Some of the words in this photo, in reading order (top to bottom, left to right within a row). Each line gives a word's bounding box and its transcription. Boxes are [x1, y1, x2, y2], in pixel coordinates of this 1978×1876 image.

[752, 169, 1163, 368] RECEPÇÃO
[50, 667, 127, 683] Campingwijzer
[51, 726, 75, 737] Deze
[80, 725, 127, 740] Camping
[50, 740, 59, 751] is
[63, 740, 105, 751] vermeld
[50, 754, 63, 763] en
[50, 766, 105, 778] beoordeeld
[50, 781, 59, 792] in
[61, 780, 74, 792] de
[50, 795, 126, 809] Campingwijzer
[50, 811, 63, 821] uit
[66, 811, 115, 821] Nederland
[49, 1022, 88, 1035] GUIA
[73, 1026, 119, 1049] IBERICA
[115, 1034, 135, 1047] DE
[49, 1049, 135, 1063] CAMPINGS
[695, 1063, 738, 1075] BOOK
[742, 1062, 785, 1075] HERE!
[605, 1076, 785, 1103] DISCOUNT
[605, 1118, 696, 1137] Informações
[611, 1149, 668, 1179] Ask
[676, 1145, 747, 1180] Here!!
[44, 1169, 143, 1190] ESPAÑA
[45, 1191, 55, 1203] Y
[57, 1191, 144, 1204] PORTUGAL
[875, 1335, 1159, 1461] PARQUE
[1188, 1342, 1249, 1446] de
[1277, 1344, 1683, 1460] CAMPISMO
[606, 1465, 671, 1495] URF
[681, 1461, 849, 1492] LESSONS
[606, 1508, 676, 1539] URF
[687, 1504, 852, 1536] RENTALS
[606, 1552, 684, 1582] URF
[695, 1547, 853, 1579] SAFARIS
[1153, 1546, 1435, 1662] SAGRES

•••

**Exercise description:**
What's required is that all of the material be returned exactly.

**Result:**
Some of the words in this photo, in reading order (top to bottom, left to right within a row). Each line gives a word's bounding box and its transcription. Boxes are [x1, y1, x2, y2], in pixel coordinates of this 1978×1876 image.

[752, 169, 1163, 368] RECEPÇÃO
[50, 667, 127, 683] Campingwijzer
[51, 726, 75, 737] Deze
[80, 725, 127, 740] Camping
[50, 740, 59, 751] is
[63, 740, 105, 751] vermeld
[50, 754, 63, 763] en
[50, 766, 105, 778] beoordeeld
[50, 781, 59, 792] in
[61, 780, 74, 792] de
[50, 795, 126, 809] Campingwijzer
[50, 811, 63, 821] uit
[66, 811, 115, 821] Nederland
[49, 1022, 88, 1035] GUIA
[73, 1026, 119, 1049] IBERICA
[115, 1034, 135, 1047] DE
[49, 1049, 135, 1063] CAMPINGS
[695, 1063, 738, 1075] BOOK
[742, 1062, 785, 1075] HERE!
[605, 1076, 785, 1103] DISCOUNT
[605, 1118, 696, 1137] Informações
[611, 1149, 668, 1179] Ask
[676, 1145, 747, 1180] Here!!
[44, 1169, 143, 1190] ESPAÑA
[45, 1191, 55, 1203] Y
[57, 1191, 144, 1204] PORTUGAL
[875, 1335, 1159, 1461] PARQUE
[1188, 1342, 1249, 1446] de
[1277, 1344, 1683, 1460] CAMPISMO
[606, 1465, 671, 1495] URF
[681, 1461, 849, 1492] LESSONS
[606, 1508, 676, 1539] URF
[687, 1504, 852, 1536] RENTALS
[606, 1552, 684, 1582] URF
[695, 1547, 853, 1579] SAFARIS
[1153, 1546, 1435, 1662] SAGRES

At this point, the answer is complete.